◆ Material provided

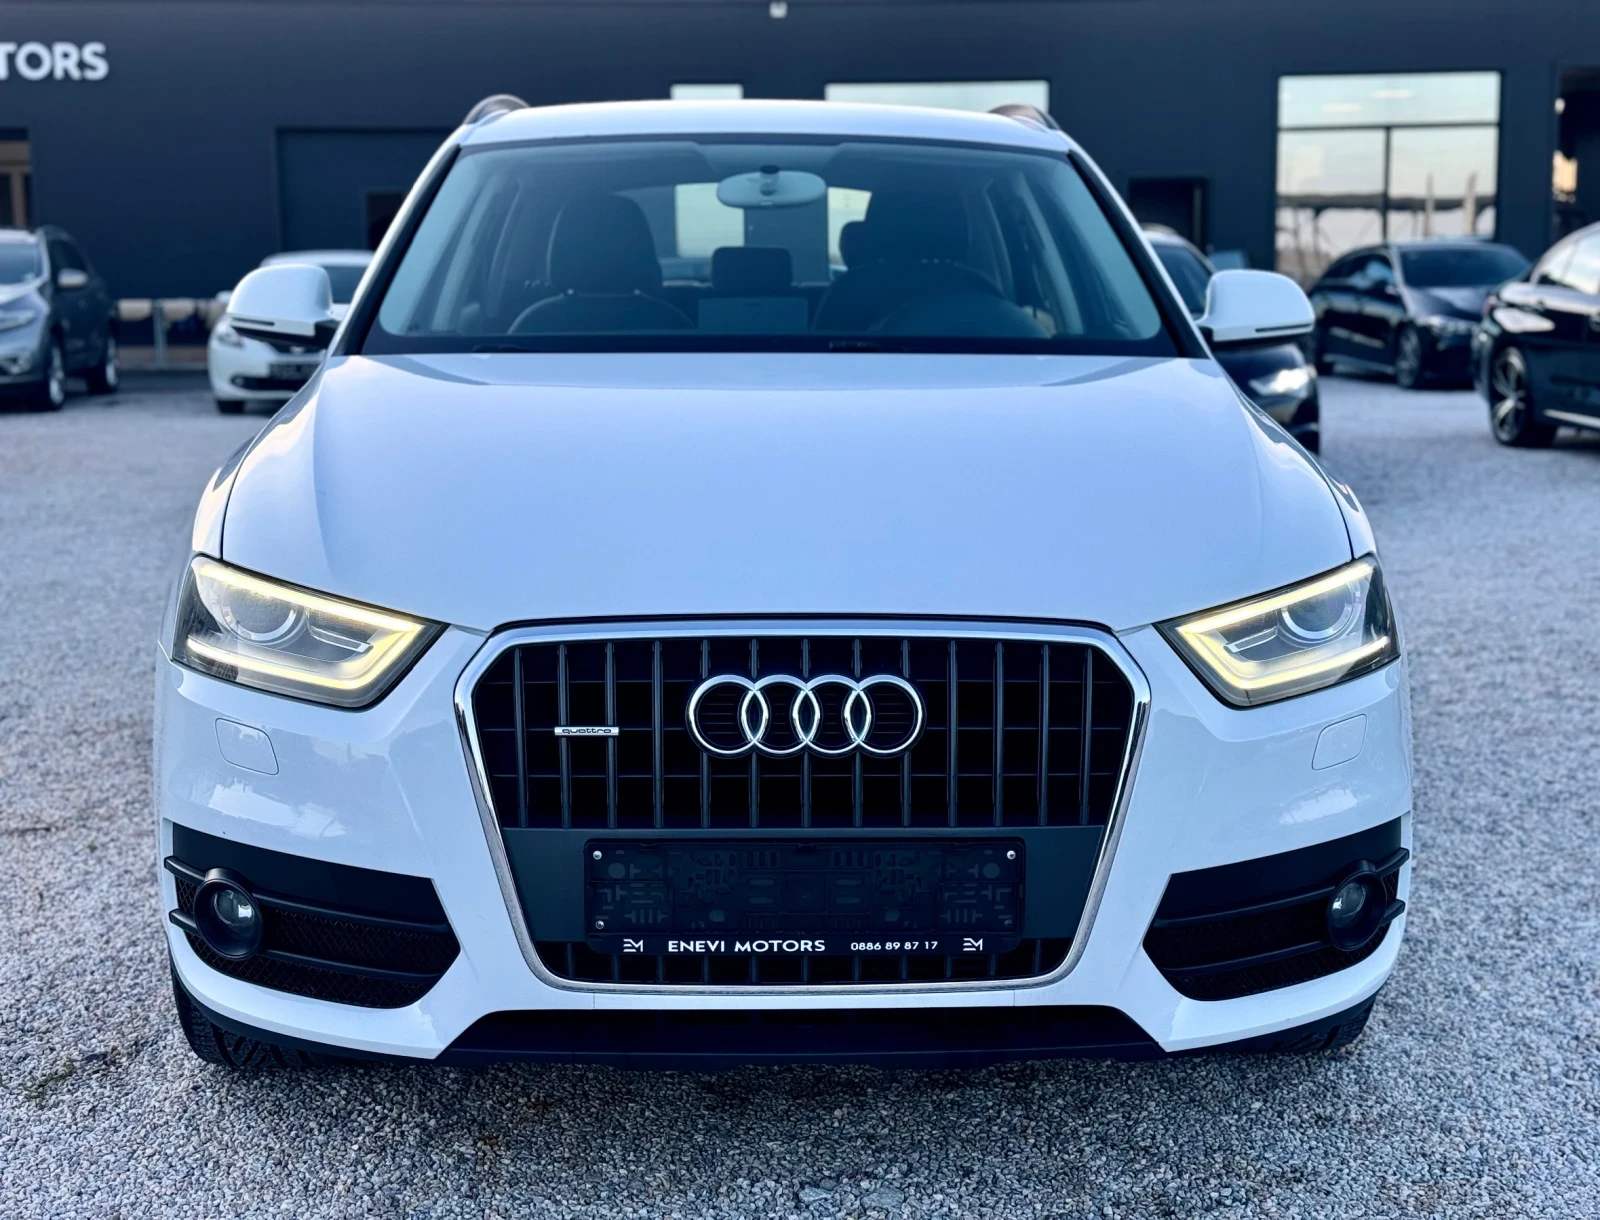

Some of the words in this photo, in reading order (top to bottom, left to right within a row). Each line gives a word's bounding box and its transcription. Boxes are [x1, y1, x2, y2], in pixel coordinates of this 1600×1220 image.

[560, 728, 613, 736] quattro
[667, 940, 725, 953] ENEVI
[733, 939, 826, 953] MOTORS
[850, 941, 882, 951] 0886
[884, 941, 901, 951] 89
[903, 941, 920, 951] 87
[924, 940, 939, 950] 17

◆ Task prompt
Make an exact printout of the listing above, omitting the images.

◆ Answer to this exercise
Some of the words in this photo, in reading order (top to bottom, left to right within a row). Each line gives a word's bounding box and its transcription. Boxes are [x1, y1, x2, y2], in pixel coordinates of this 1600×1220 image.

[560, 728, 613, 736] quattro
[667, 940, 725, 953] ENEVI
[733, 939, 826, 953] MOTORS
[850, 941, 882, 951] 0886
[884, 941, 901, 951] 89
[903, 941, 920, 951] 87
[924, 940, 939, 950] 17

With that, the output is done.